California Court of Appeals, Sixth District
Mar 25, 2009
No. H032415 (Cal. Ct. App. Mar. 25, 2009)

Opinion


FIONA TONUMAIPEA, Plaintiff and Respondent, v. SAMMY SULUFAIGA PEA, Defendant and Appellant. H032415 California Court of Appeal, Sixth District March 25, 2009

NOT TO BE PUBLISHED

Santa Clara County Super. Ct. No. CV050726

Premo, J.

Plaintiff Fiona Tonumaipea sued defendant Sammy Sulufaiga Pea, her father, for personal injuries arising from sexual assaults committed over a period of seven years. Following a court trial, the trial court awarded plaintiff $2,094,412.90. On appeal, defendant presents a deficient, an unfocussed, and a barely coherent discourse that essentially challenges us to find error. We therefore affirm the judgment.

For the underlying acts, a jury convicted defendant of three counts of incest and the trial court convicted defendant of one count of rape. We affirmed the judgment. (People v. Pea (Aug. 30, 2007) H030507 [nonpub. opn.].)

BACKGROUND

At trial, defendant was absent due to his incarceration but represented by counsel. The parties stipulated to plaintiff’s past medical expenses, past wage loss, defendant’s net worth, and a punitive-damage limit of 25 percent of net worth. The trial court rendered a judgment against defendant for $1,530,000 in general damages, $112,000 in special damages, $31,250 in punitive damages, $420,000 in attorney’s fees, and $1,162.90 in costs.

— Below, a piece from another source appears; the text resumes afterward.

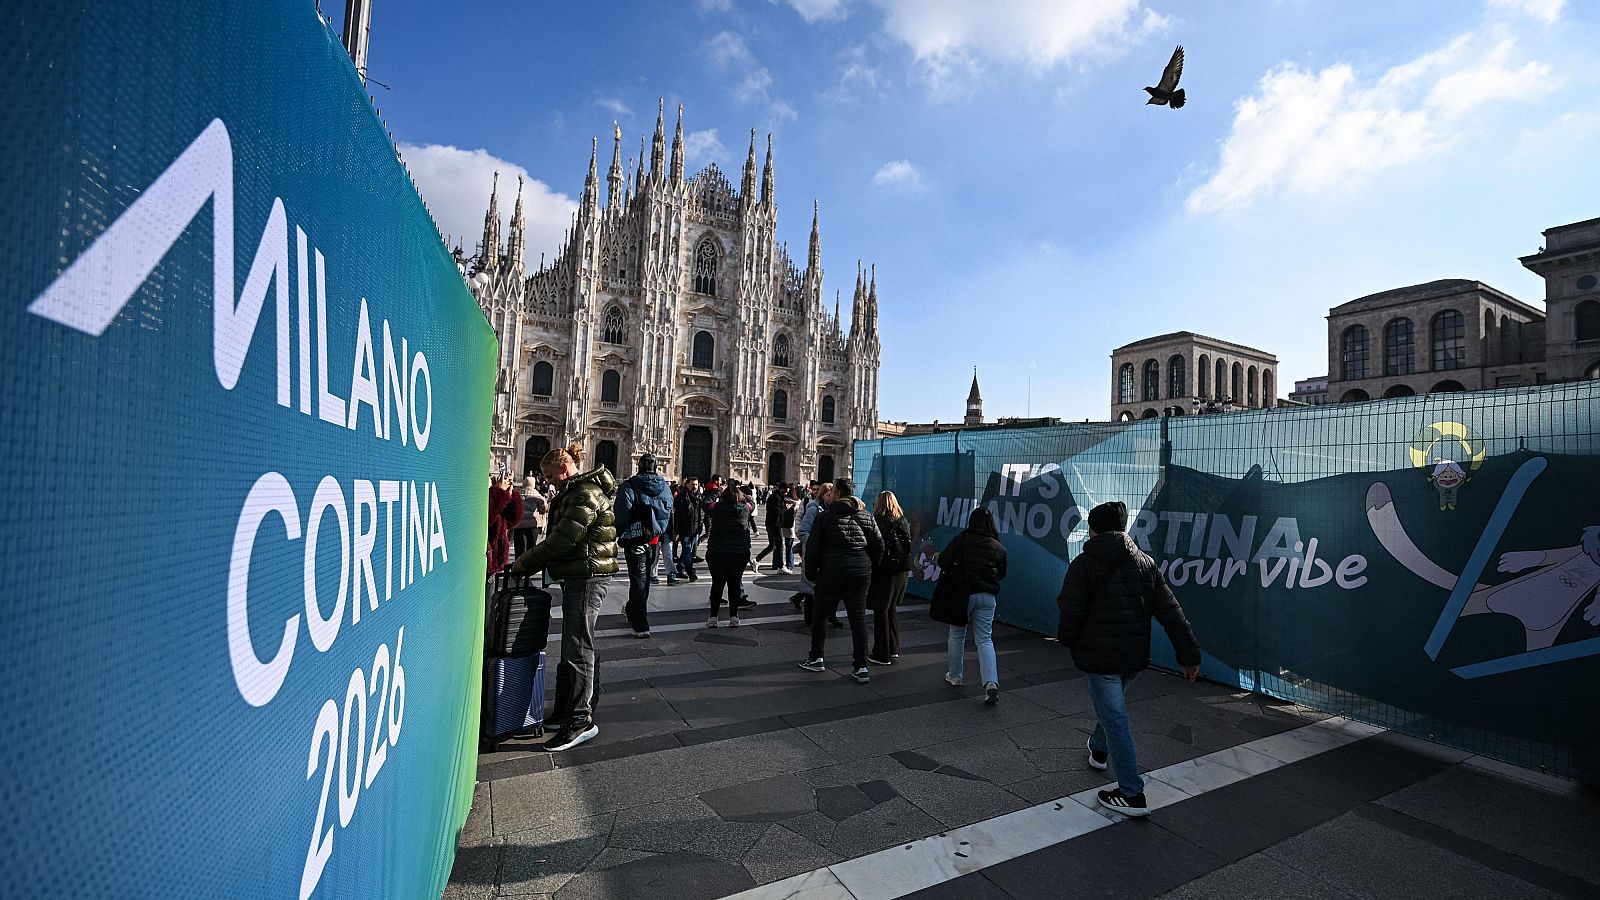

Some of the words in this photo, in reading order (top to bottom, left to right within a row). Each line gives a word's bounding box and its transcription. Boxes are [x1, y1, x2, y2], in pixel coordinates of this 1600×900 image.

Code of Civil Procedure section 1021.4 allows an award of attorney’s fees against a defendant in an action for damages based upon the defendant’s commission of a felony for which he or she was convicted.

DISCUSSION

On appeal, defendant is representing himself and advances a 14-point litany of what he terms issues and argument. He contends that (1) he was not timely served with the summons, (2) the jury in his criminal case did not hear relevant evidence, (3) he received ineffective assistance of counsel in this case because trial counsel failed to contact or advise him, (4) the evidence in his criminal case was insufficient, (5) a mistrial on a rape count in the criminal case should collaterally estop plaintiff in this case, (6) the police in the criminal case interrogated him without advising him of his rights under Miranda v. Arizona (1966) 384 U.S. 436, (7) he received ineffective assistance of counsel in this case because trial counsel improperly waived jury trial, (8) he received ineffective assistance of counsel in this case because trial counsel failed to challenge plaintiff’s expert witness, (9) he received ineffective assistance of counsel in this case because trial counsel failed to protect his private financial information from disclosure, (10) plaintiff abused the discovery process by filing motions to harass him, (11) we improperly vacated, upon plaintiff’s motion, our grant of his application for waiver of court fees, (12) he was not liable for attorney’s fees, (13) he did not know “what was happening with [this] case,” and (14) the judgment is inappropriate because of violations of his constitutional rights.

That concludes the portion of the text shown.